Task to complete: Using the listing below, print the line containing "this 1024×1024 image.", the line containing "this 2000×1500 image.", and each line between them, exactly and nothing else. Pictures stay out of the print.

Data:
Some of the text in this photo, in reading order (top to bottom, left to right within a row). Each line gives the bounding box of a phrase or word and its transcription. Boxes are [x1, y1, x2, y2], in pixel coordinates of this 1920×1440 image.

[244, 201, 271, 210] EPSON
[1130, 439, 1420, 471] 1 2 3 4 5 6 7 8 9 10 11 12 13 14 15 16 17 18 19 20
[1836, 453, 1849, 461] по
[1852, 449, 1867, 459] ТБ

--

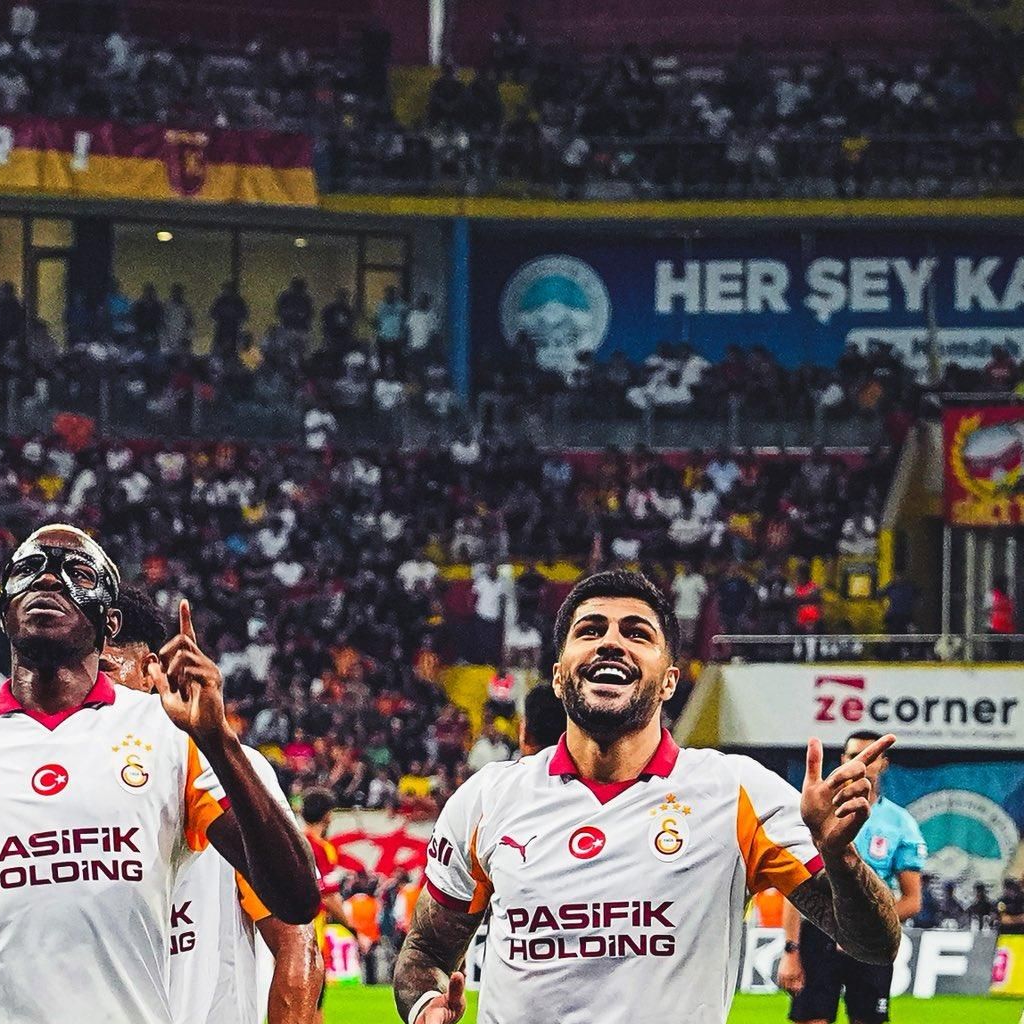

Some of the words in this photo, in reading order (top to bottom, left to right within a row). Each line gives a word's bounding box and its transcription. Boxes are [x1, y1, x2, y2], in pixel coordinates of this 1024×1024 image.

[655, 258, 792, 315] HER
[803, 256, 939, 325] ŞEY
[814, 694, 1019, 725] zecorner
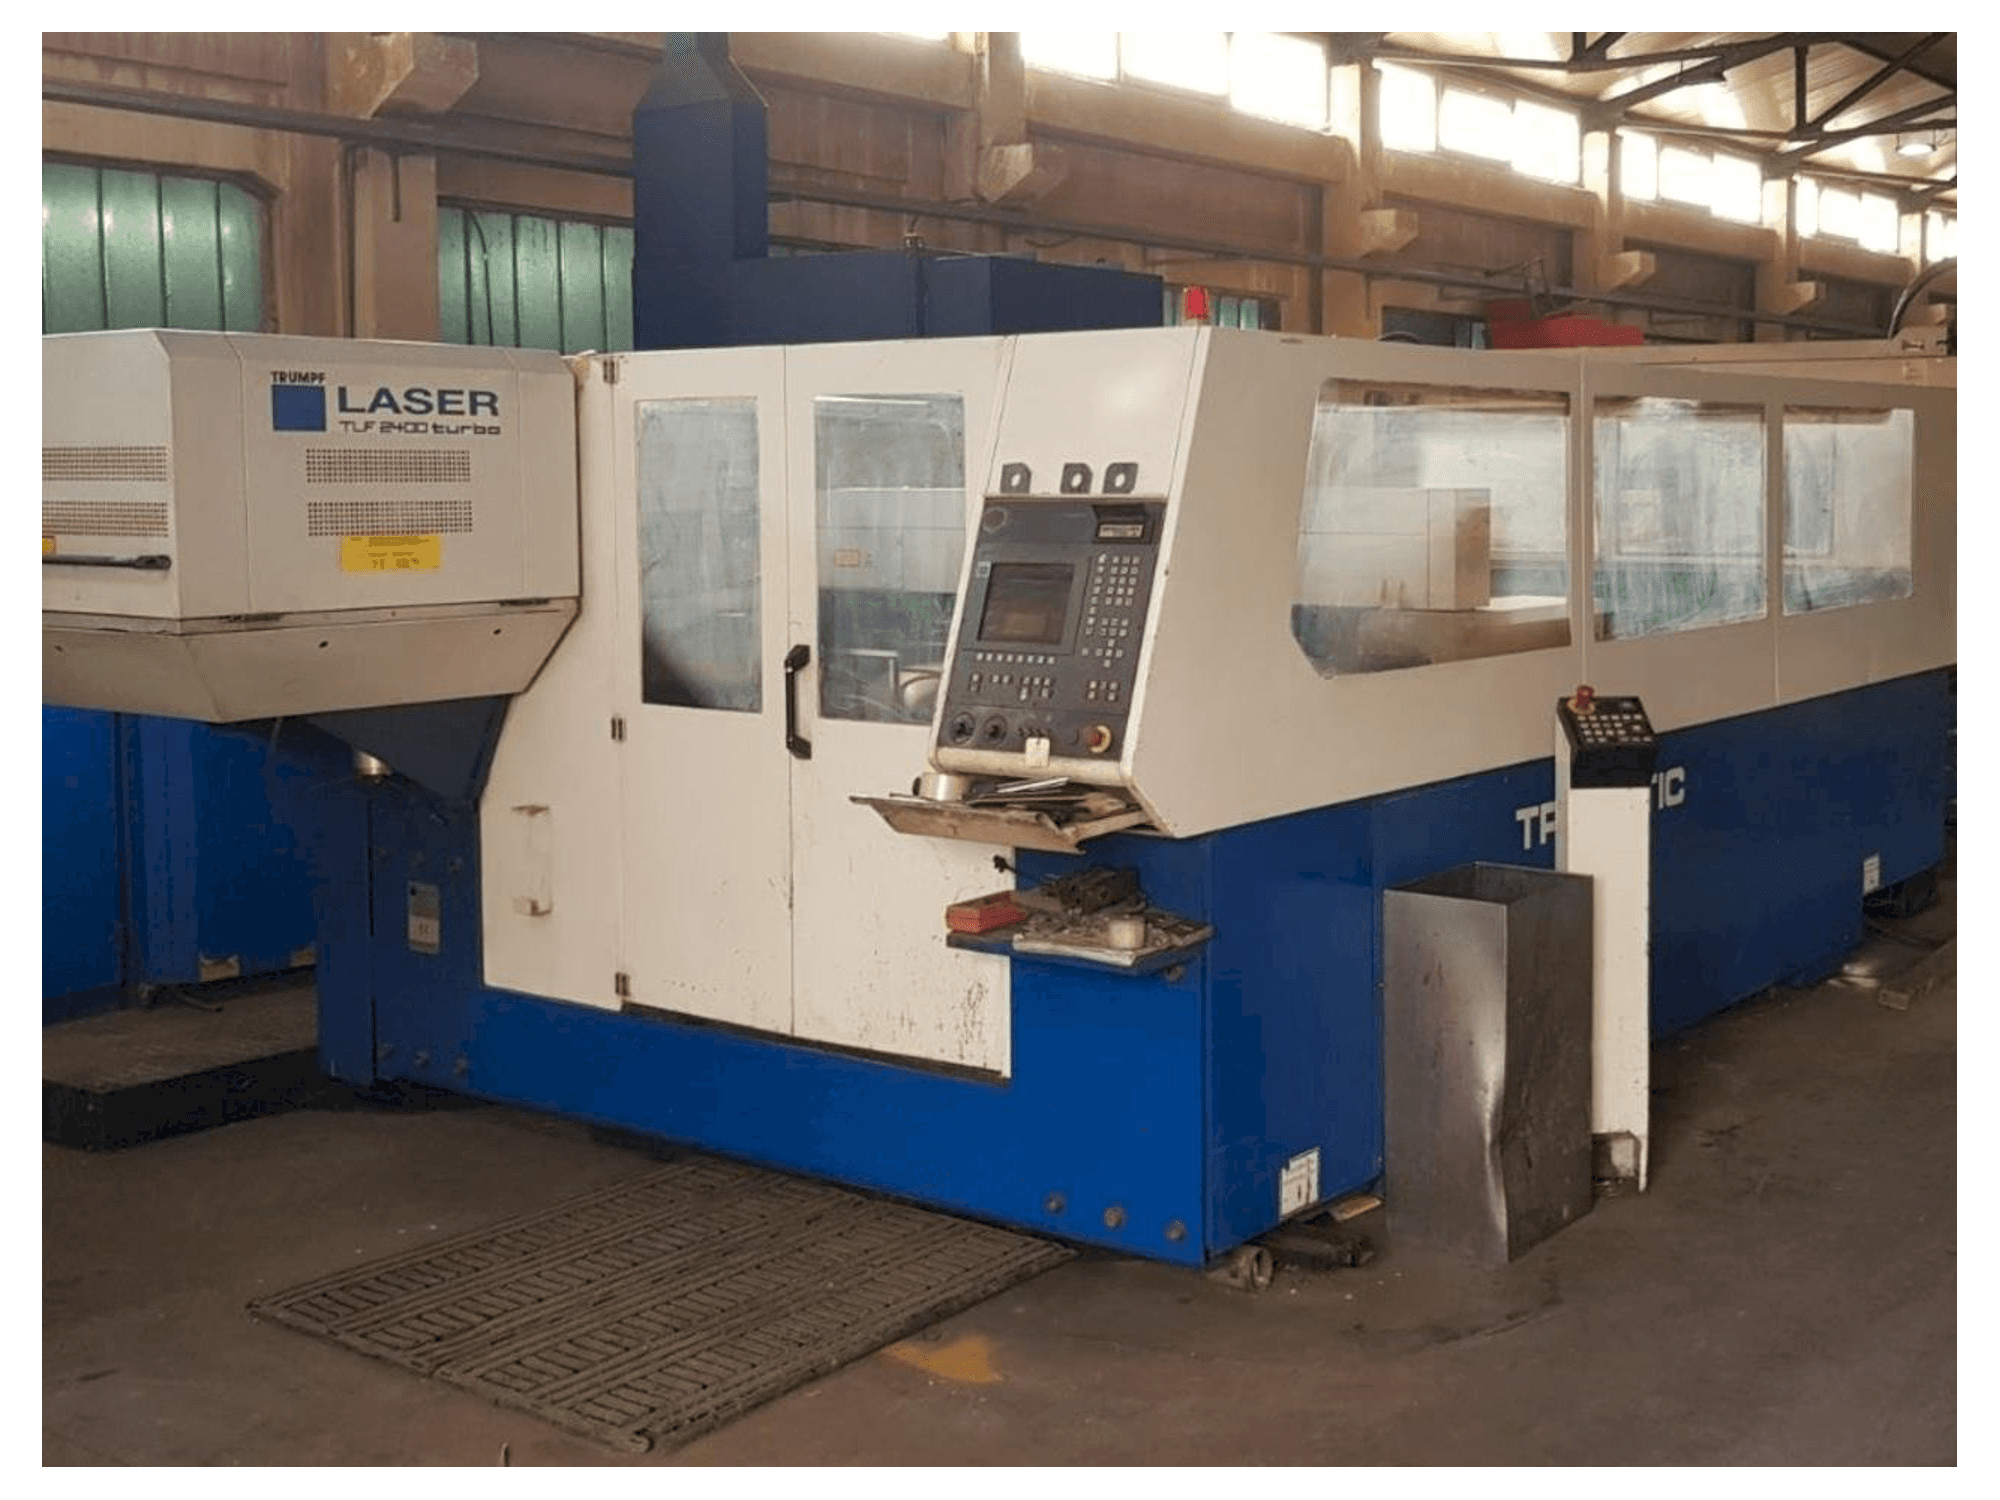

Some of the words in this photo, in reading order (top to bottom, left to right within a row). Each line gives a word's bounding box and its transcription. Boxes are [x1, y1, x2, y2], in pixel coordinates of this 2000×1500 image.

---

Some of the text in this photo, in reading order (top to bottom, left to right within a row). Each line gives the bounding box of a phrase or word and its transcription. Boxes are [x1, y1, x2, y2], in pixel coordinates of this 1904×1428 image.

Solution for this exercise:
Some of the words in this photo, in reading order (top to bottom, left to right within a row). Each line gives a word's bounding box and its transcription. Boxes are [x1, y1, x2, y2], in pixel coordinates of this 1024×1024 image.

[655, 258, 792, 315] HER
[803, 256, 939, 325] ŞEY
[814, 694, 1019, 725] zecorner

Some of the words in this photo, in reading order (top to bottom, left to right within a row). Each line gives a word's bounding box and its transcription. Boxes are [x1, y1, x2, y2], in pixel coordinates of this 2000×1500 image.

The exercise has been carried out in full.